Sabe también Macri que la administración de Urtubey está virtualmente quebrada y que si no se contara con recursos nacionales para mover ciertas obras indispensables, la situación social de Salta sería sencillamente escandalosa.

Pero lo que mejor sabe Macri es que Urtubey no es de fiar, ni como aliado circunstancial ni como compañero de ruta a más largo plazo. Urtubey dice aproximarse al macrismo desde una posición «peronista», pero a Macri -nada menos- no le es indiferente el hecho de que el peronismo, en su aparente caos, le esté dando mayoritariamente la espalda a Urtubey. Tampoco le hace gracia que los legisladores nacionales que supuestamente controla Urtubey con rienda corta, se hayan erigido en duros opositores al gobierno de Macri.

Al Presidente de la Nación no le interesa atraer a sus filas a un nacionalista católico con pasado menemista y kirchnerista como Urtubey. Aun en el improbable supuesto que toda la Provincia de Salta lo apoyara, el rédito electoral de Macri no llegaría a los 300.000 votos, lo cual se antoja insuficiente, al menos en relación con la cantidad de recursos que el gobierno federal está transfiriendo a la Provincia de Salta.

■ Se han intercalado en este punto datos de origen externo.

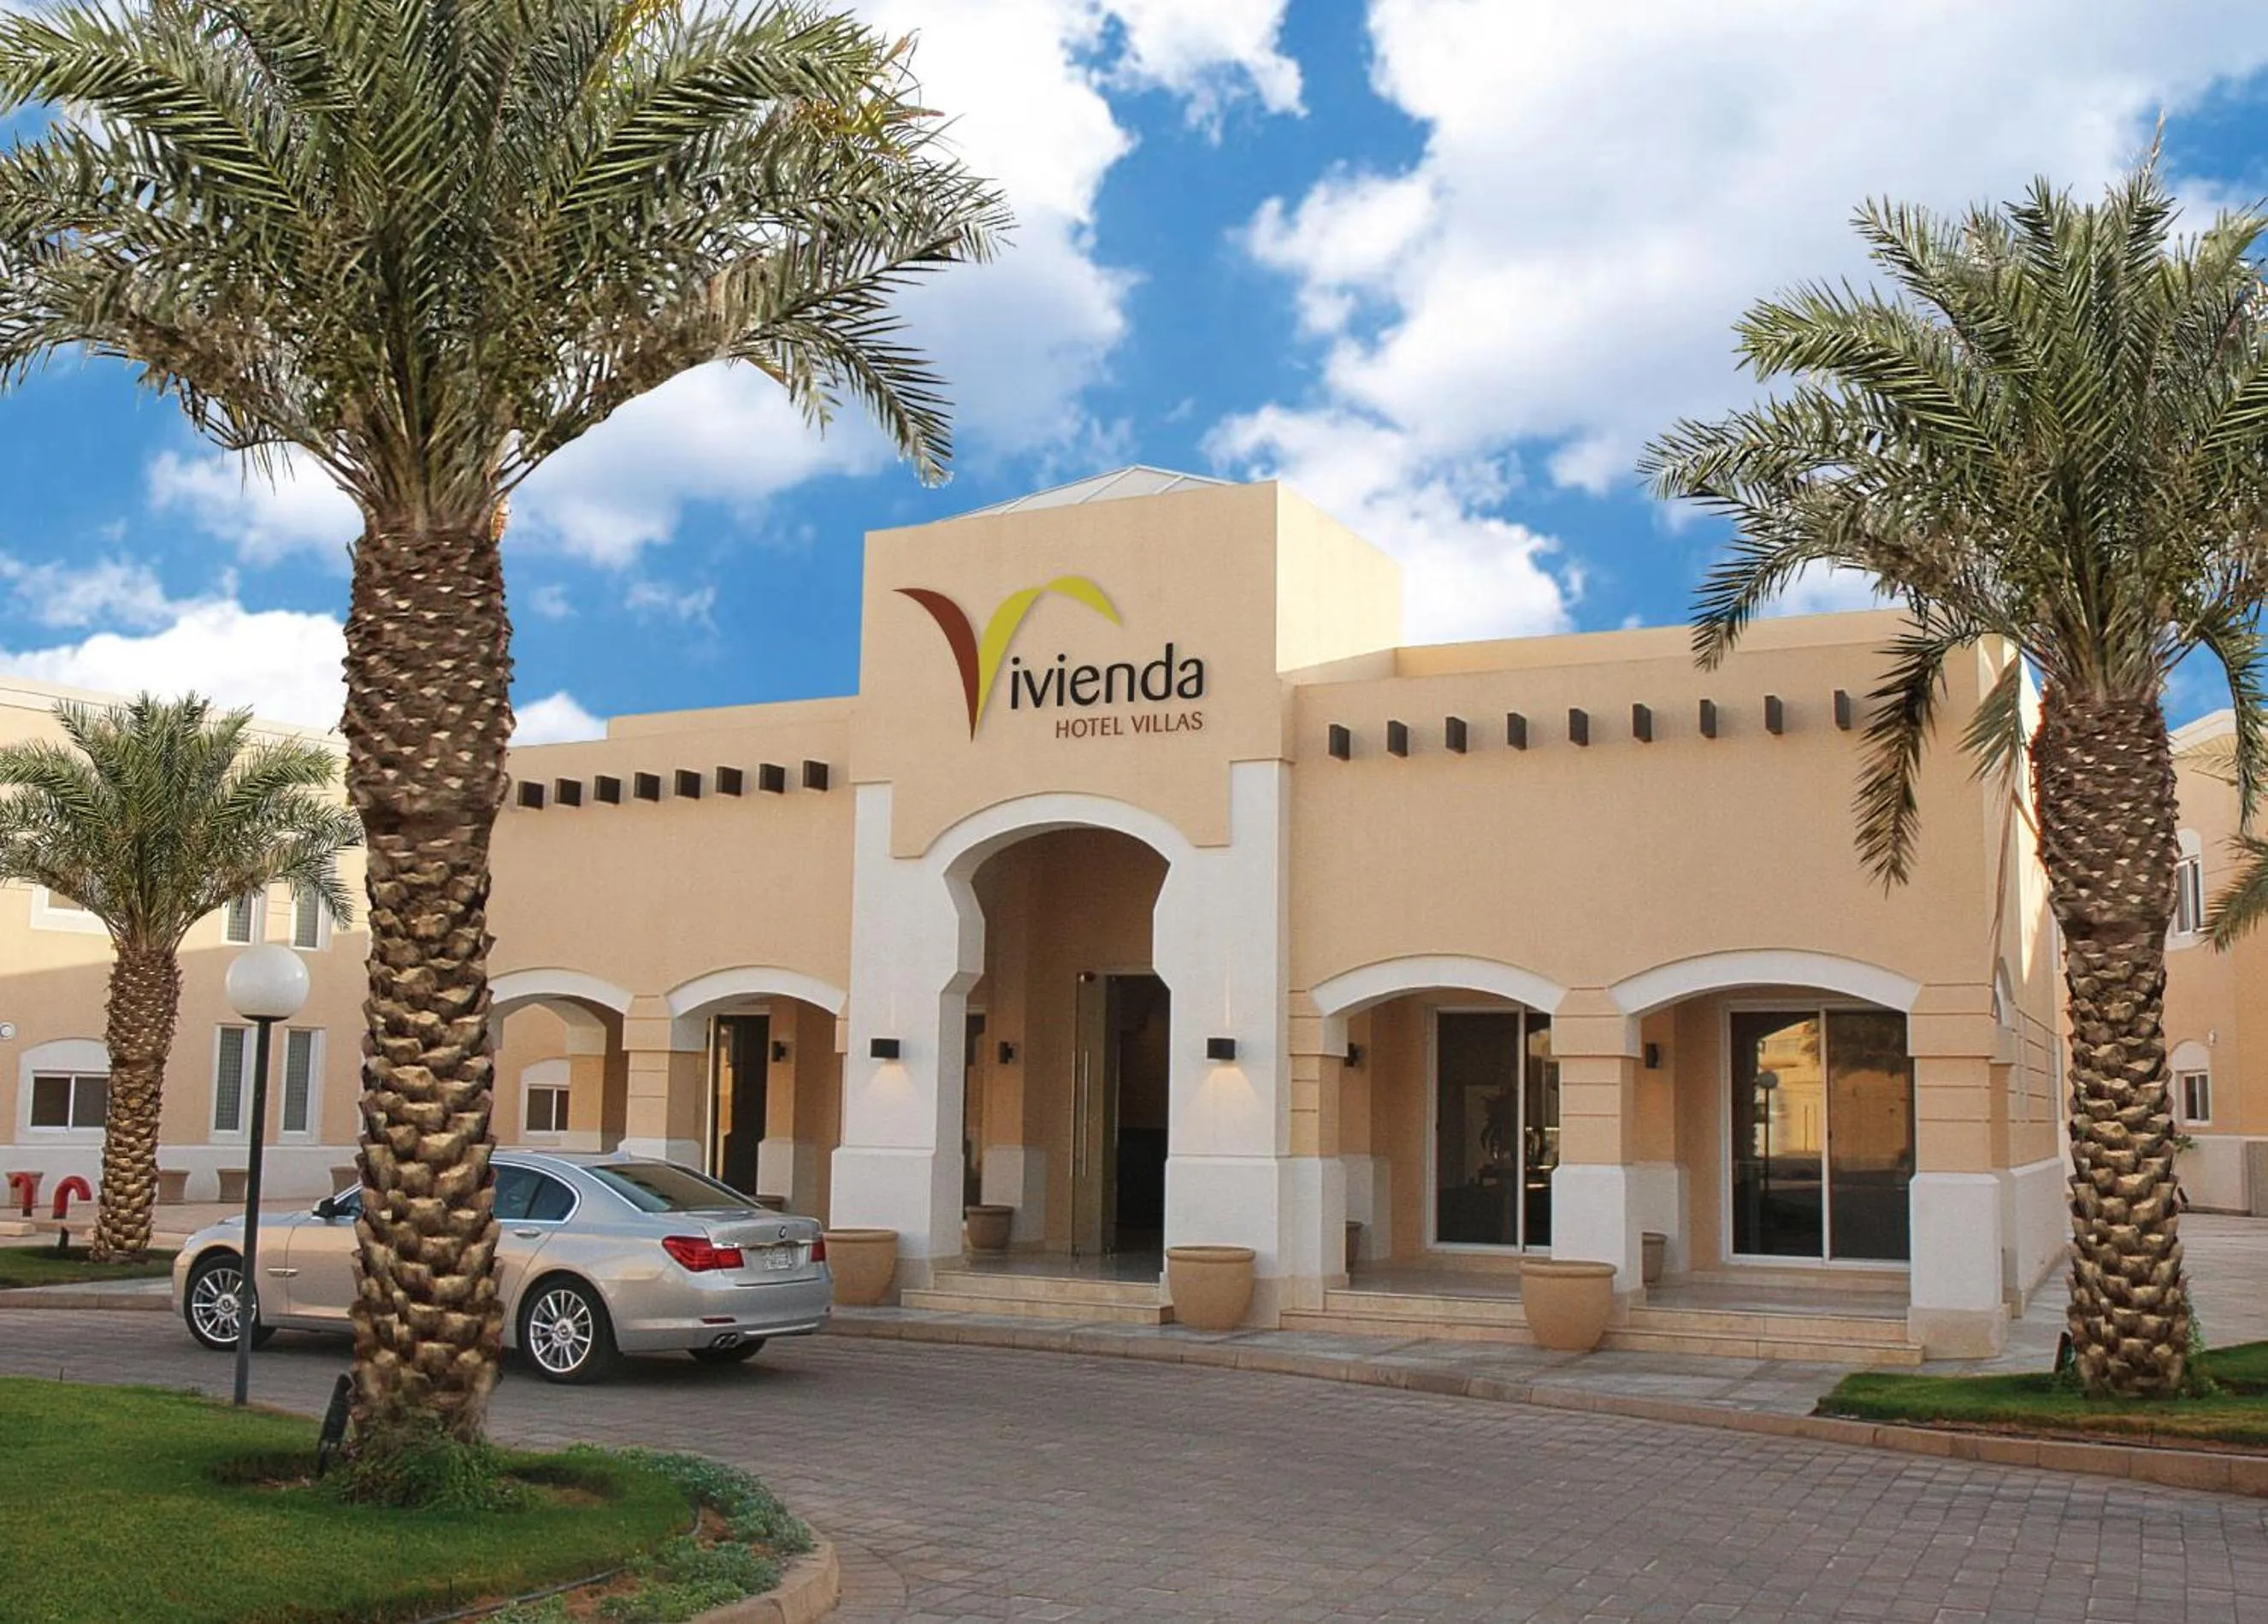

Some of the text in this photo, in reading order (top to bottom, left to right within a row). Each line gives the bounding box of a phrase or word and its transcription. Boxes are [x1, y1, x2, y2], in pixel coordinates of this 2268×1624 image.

[892, 576, 1204, 742] Vivienda
[1055, 712, 1204, 739] HOTEL VILLAS

Sería muy interesante ver qué ocurriría en Salta si Macri cortara sus líneas de ayuda al gobierno de Urtubey, y qué sería del Gobernador de la Provincia si, como se atisba en el horizonte, la fuerza electoral que sostiene al Presidente de la Nación decide finalmente cerrarle las puertas.

En tales casos, es muy probable que lo único que le quede a Urtubey sea su por ahora poco rentable matrimonio con una actriz de telenovelas, cuya sobreexplotación mediática está empezando a provocar ciertos daños colaterales que ninguna persona normal en sus cabales aceptaría de buen grado, gratis.